Task objective
What is needed is an exact copy of the records below, with the pictures left out.
***** Records for the task *****
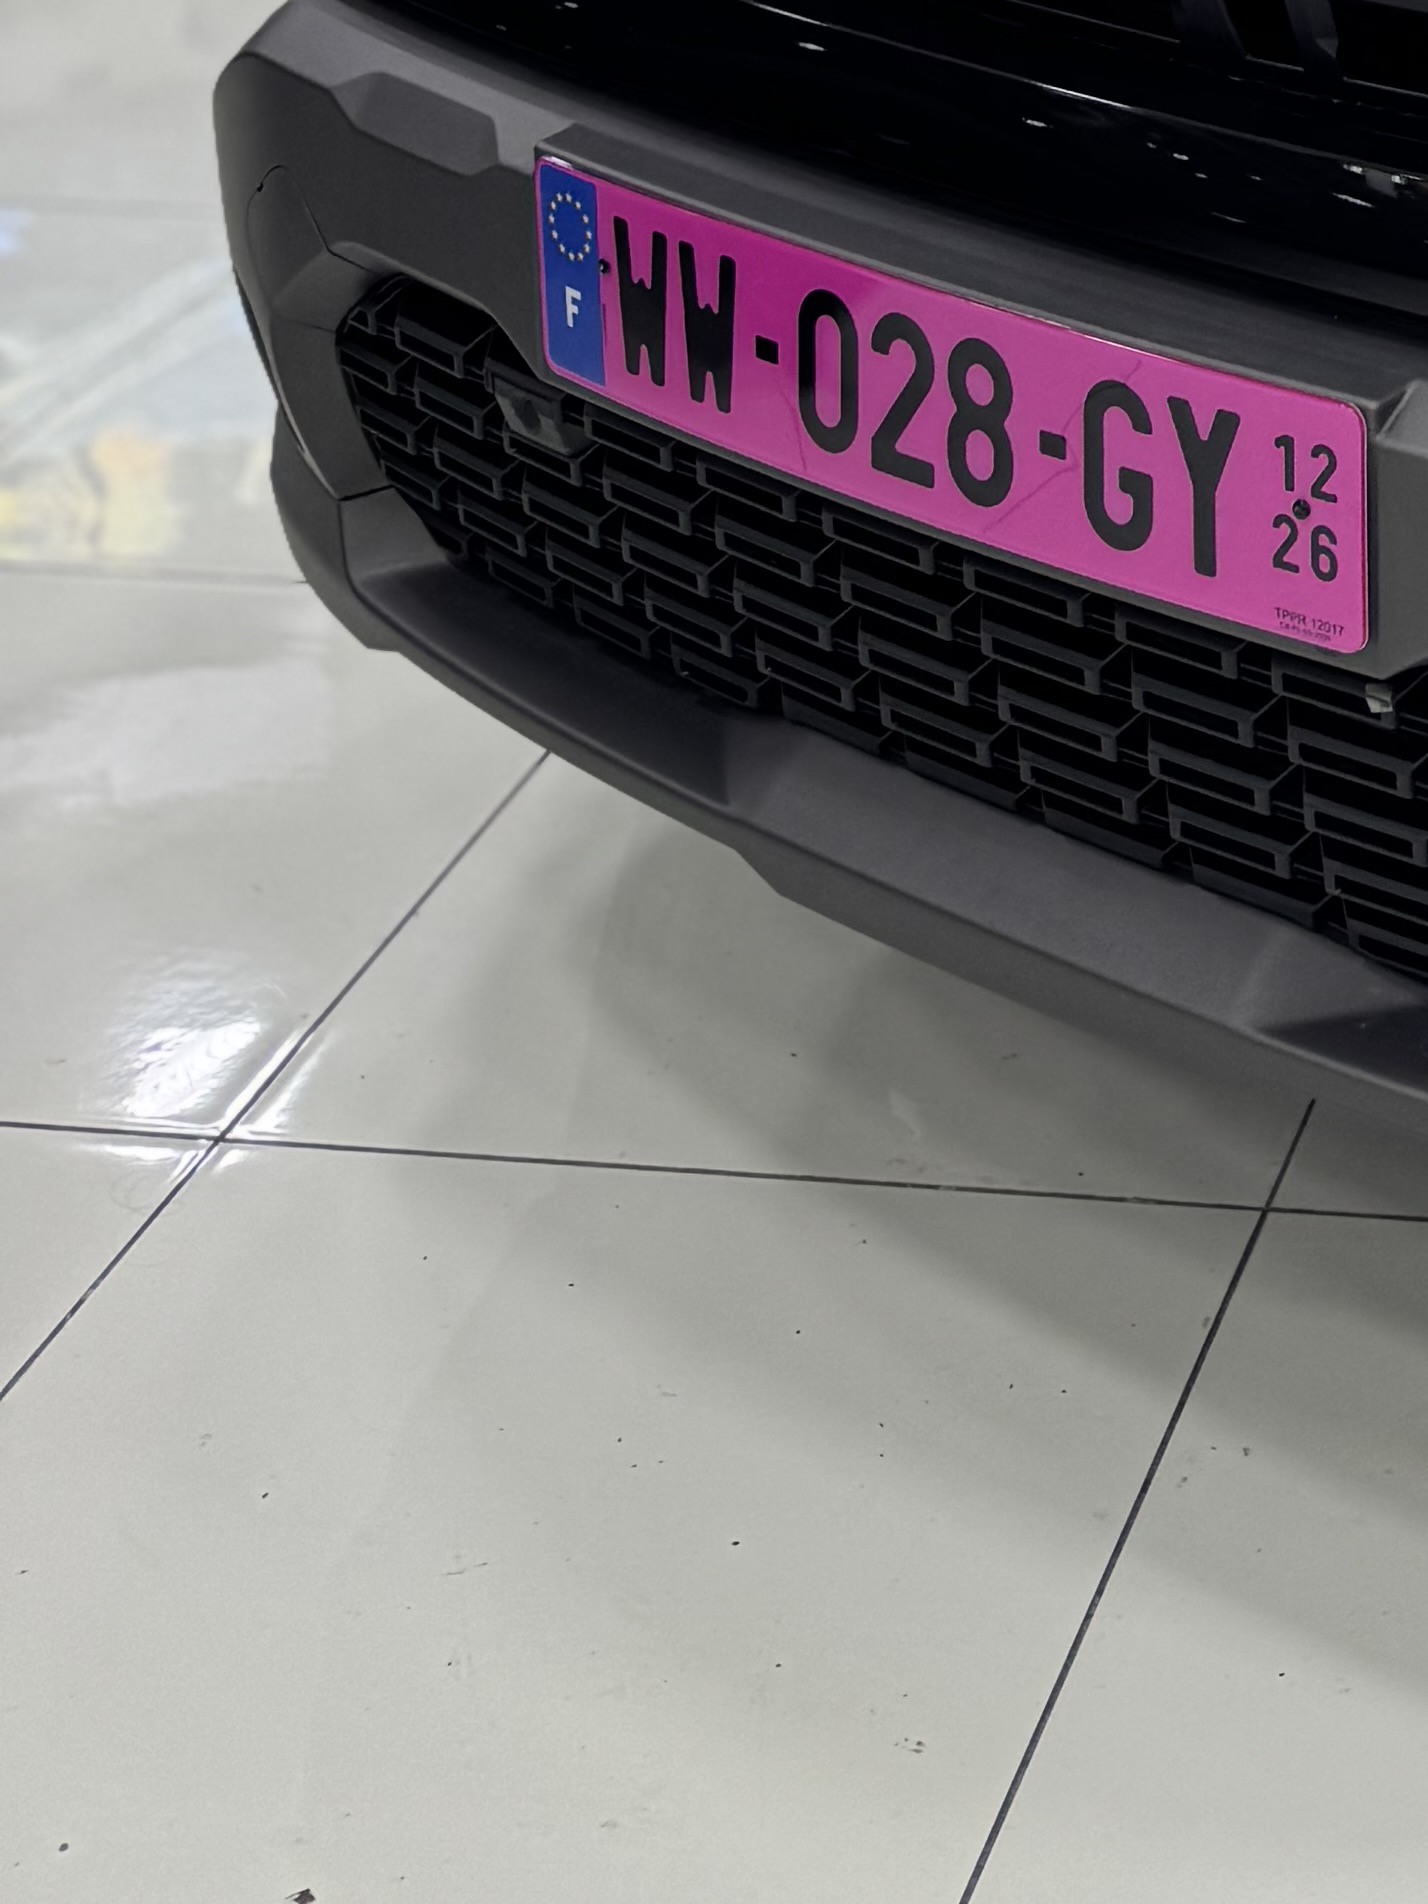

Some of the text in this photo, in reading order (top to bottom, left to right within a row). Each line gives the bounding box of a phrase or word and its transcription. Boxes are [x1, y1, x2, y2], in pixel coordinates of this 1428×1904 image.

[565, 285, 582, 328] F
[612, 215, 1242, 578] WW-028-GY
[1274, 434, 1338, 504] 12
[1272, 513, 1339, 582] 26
*****
Solution for this problem
Some of the text in this photo, in reading order (top to bottom, left to right within a row). Each line gives the bounding box of a phrase or word and its transcription. Boxes are [x1, y1, x2, y2], in pixel coordinates of this 1428×1904 image.

[565, 285, 582, 328] F
[612, 215, 1242, 578] WW-028-GY
[1274, 434, 1338, 504] 12
[1272, 513, 1339, 582] 26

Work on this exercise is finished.